Text-to-region grounding data
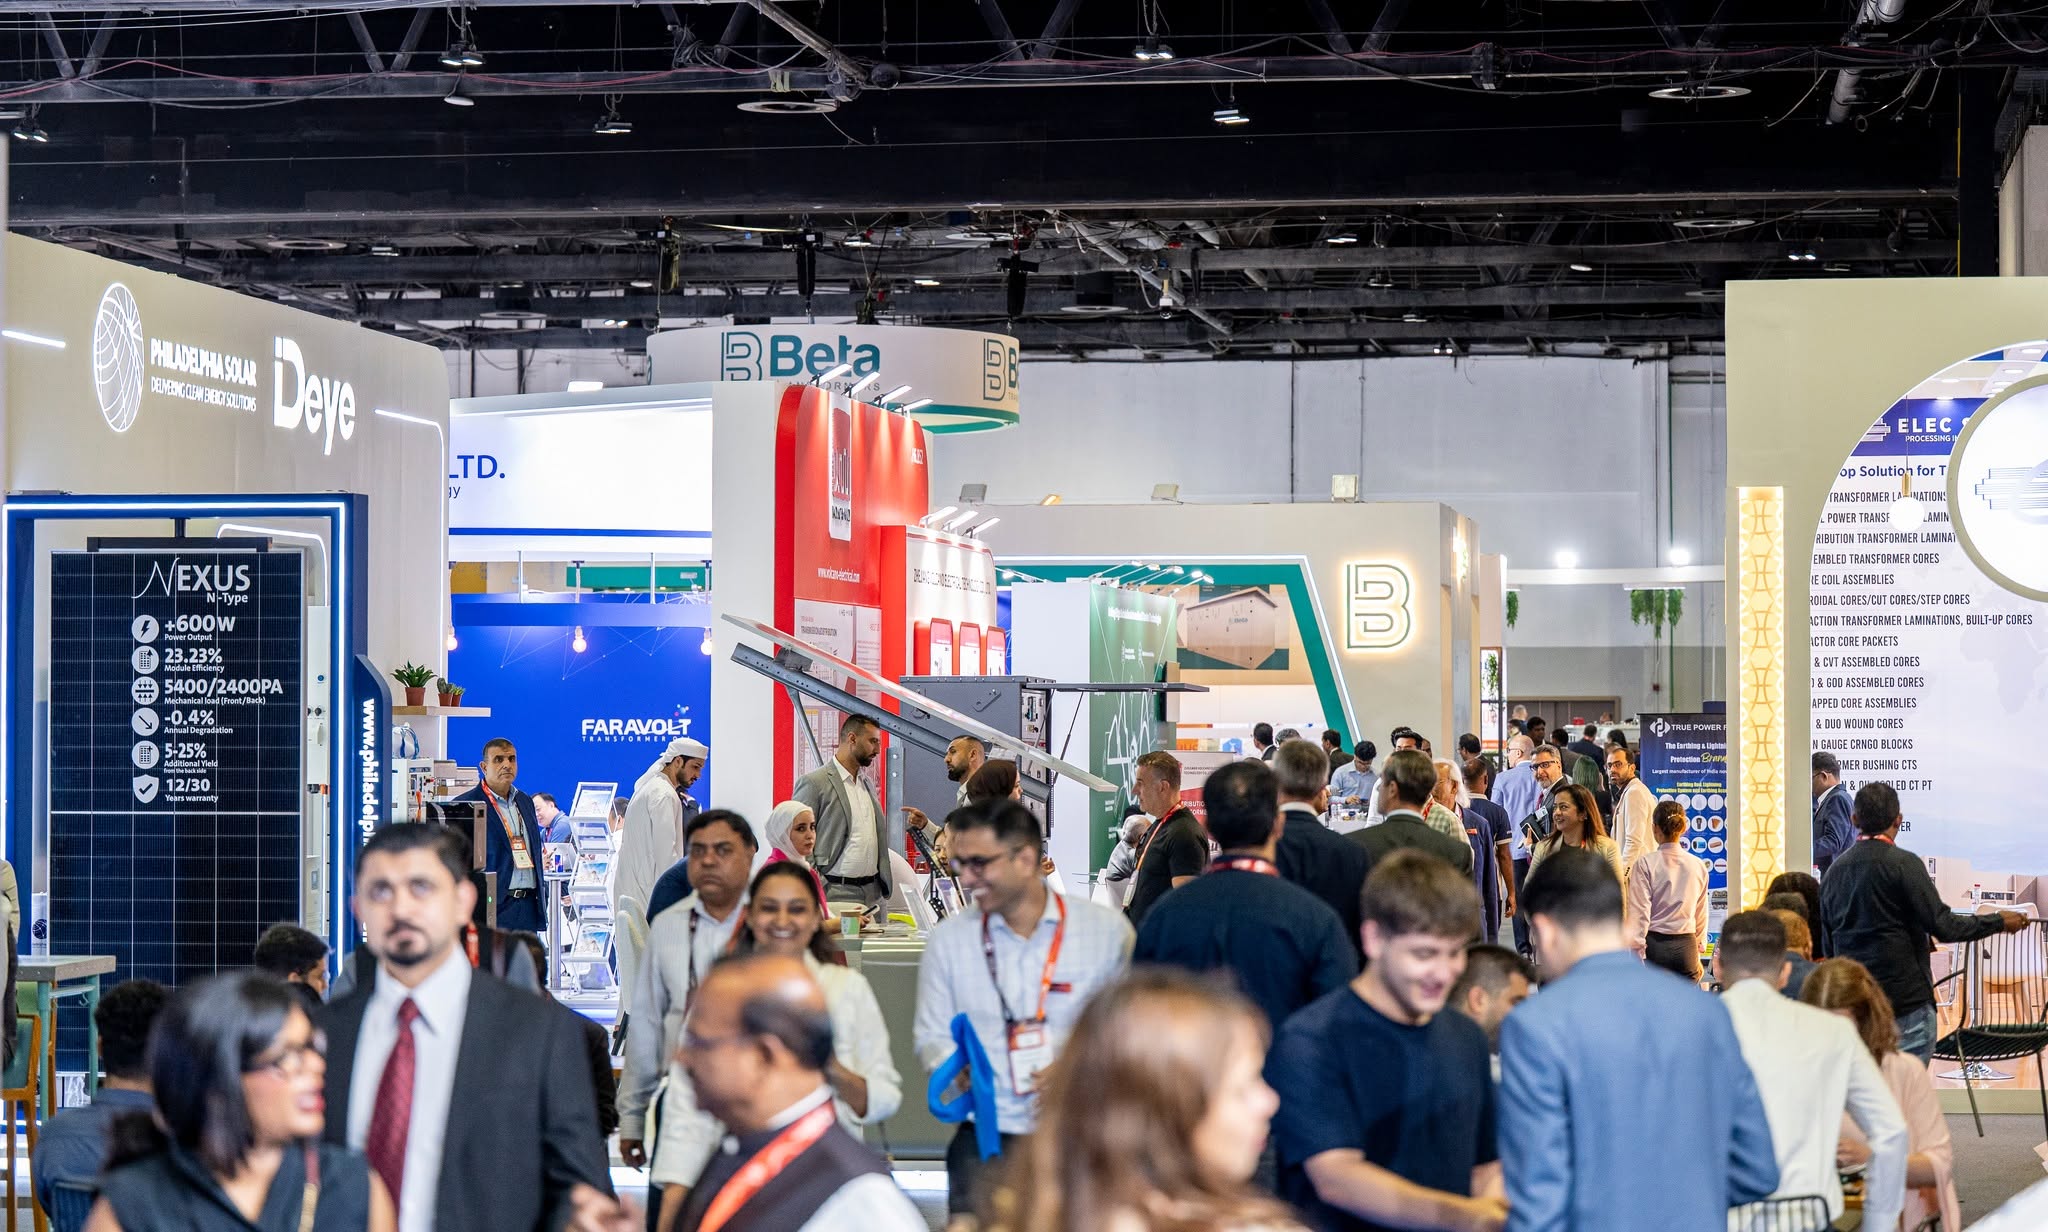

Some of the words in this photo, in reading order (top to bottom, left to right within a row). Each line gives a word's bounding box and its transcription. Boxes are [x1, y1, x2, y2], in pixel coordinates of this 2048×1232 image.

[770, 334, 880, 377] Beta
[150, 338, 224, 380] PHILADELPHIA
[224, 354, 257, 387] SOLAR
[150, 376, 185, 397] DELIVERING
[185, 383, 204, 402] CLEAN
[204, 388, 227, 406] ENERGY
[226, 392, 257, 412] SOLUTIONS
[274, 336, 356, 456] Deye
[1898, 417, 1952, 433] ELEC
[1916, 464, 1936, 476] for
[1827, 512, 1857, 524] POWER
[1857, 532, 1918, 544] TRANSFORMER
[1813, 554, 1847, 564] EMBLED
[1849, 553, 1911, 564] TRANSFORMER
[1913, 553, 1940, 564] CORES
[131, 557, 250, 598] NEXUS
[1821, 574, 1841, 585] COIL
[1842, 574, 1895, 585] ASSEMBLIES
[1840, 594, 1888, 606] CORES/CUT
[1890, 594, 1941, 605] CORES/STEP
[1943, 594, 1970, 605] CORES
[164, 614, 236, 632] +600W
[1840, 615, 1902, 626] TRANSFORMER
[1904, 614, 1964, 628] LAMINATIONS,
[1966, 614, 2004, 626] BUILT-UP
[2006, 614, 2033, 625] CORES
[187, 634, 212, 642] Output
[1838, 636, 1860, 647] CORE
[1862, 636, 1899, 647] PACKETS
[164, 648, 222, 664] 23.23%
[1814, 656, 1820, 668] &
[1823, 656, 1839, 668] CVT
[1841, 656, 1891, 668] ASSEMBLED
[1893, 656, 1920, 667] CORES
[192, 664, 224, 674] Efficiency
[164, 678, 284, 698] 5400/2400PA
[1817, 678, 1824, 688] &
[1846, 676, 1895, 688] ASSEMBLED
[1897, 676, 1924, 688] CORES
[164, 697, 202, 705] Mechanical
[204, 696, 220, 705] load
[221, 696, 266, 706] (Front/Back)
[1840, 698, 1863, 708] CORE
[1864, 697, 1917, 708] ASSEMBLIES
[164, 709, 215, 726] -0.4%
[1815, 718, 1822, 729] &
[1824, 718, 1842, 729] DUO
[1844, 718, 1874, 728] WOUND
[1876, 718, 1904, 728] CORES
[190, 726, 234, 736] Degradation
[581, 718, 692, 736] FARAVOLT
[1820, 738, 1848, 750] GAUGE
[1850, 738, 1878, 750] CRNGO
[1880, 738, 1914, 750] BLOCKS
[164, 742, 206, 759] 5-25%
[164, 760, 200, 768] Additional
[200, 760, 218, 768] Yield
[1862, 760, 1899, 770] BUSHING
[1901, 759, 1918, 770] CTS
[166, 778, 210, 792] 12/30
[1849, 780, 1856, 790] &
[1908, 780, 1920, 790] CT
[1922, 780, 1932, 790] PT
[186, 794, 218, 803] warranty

_Required action_. Word-for-word copy, no pictures: write out the entries above in full.

_Result_.
Some of the words in this photo, in reading order (top to bottom, left to right within a row). Each line gives a word's bounding box and its transcription. Boxes are [x1, y1, x2, y2], in pixel coordinates of this 2048×1232 image.

[770, 334, 880, 377] Beta
[150, 338, 224, 380] PHILADELPHIA
[224, 354, 257, 387] SOLAR
[150, 376, 185, 397] DELIVERING
[185, 383, 204, 402] CLEAN
[204, 388, 227, 406] ENERGY
[226, 392, 257, 412] SOLUTIONS
[274, 336, 356, 456] Deye
[1898, 417, 1952, 433] ELEC
[1916, 464, 1936, 476] for
[1827, 512, 1857, 524] POWER
[1857, 532, 1918, 544] TRANSFORMER
[1813, 554, 1847, 564] EMBLED
[1849, 553, 1911, 564] TRANSFORMER
[1913, 553, 1940, 564] CORES
[131, 557, 250, 598] NEXUS
[1821, 574, 1841, 585] COIL
[1842, 574, 1895, 585] ASSEMBLIES
[1840, 594, 1888, 606] CORES/CUT
[1890, 594, 1941, 605] CORES/STEP
[1943, 594, 1970, 605] CORES
[164, 614, 236, 632] +600W
[1840, 615, 1902, 626] TRANSFORMER
[1904, 614, 1964, 628] LAMINATIONS,
[1966, 614, 2004, 626] BUILT-UP
[2006, 614, 2033, 625] CORES
[187, 634, 212, 642] Output
[1838, 636, 1860, 647] CORE
[1862, 636, 1899, 647] PACKETS
[164, 648, 222, 664] 23.23%
[1814, 656, 1820, 668] &
[1823, 656, 1839, 668] CVT
[1841, 656, 1891, 668] ASSEMBLED
[1893, 656, 1920, 667] CORES
[192, 664, 224, 674] Efficiency
[164, 678, 284, 698] 5400/2400PA
[1817, 678, 1824, 688] &
[1846, 676, 1895, 688] ASSEMBLED
[1897, 676, 1924, 688] CORES
[164, 697, 202, 705] Mechanical
[204, 696, 220, 705] load
[221, 696, 266, 706] (Front/Back)
[1840, 698, 1863, 708] CORE
[1864, 697, 1917, 708] ASSEMBLIES
[164, 709, 215, 726] -0.4%
[1815, 718, 1822, 729] &
[1824, 718, 1842, 729] DUO
[1844, 718, 1874, 728] WOUND
[1876, 718, 1904, 728] CORES
[190, 726, 234, 736] Degradation
[581, 718, 692, 736] FARAVOLT
[1820, 738, 1848, 750] GAUGE
[1850, 738, 1878, 750] CRNGO
[1880, 738, 1914, 750] BLOCKS
[164, 742, 206, 759] 5-25%
[164, 760, 200, 768] Additional
[200, 760, 218, 768] Yield
[1862, 760, 1899, 770] BUSHING
[1901, 759, 1918, 770] CTS
[166, 778, 210, 792] 12/30
[1849, 780, 1856, 790] &
[1908, 780, 1920, 790] CT
[1922, 780, 1932, 790] PT
[186, 794, 218, 803] warranty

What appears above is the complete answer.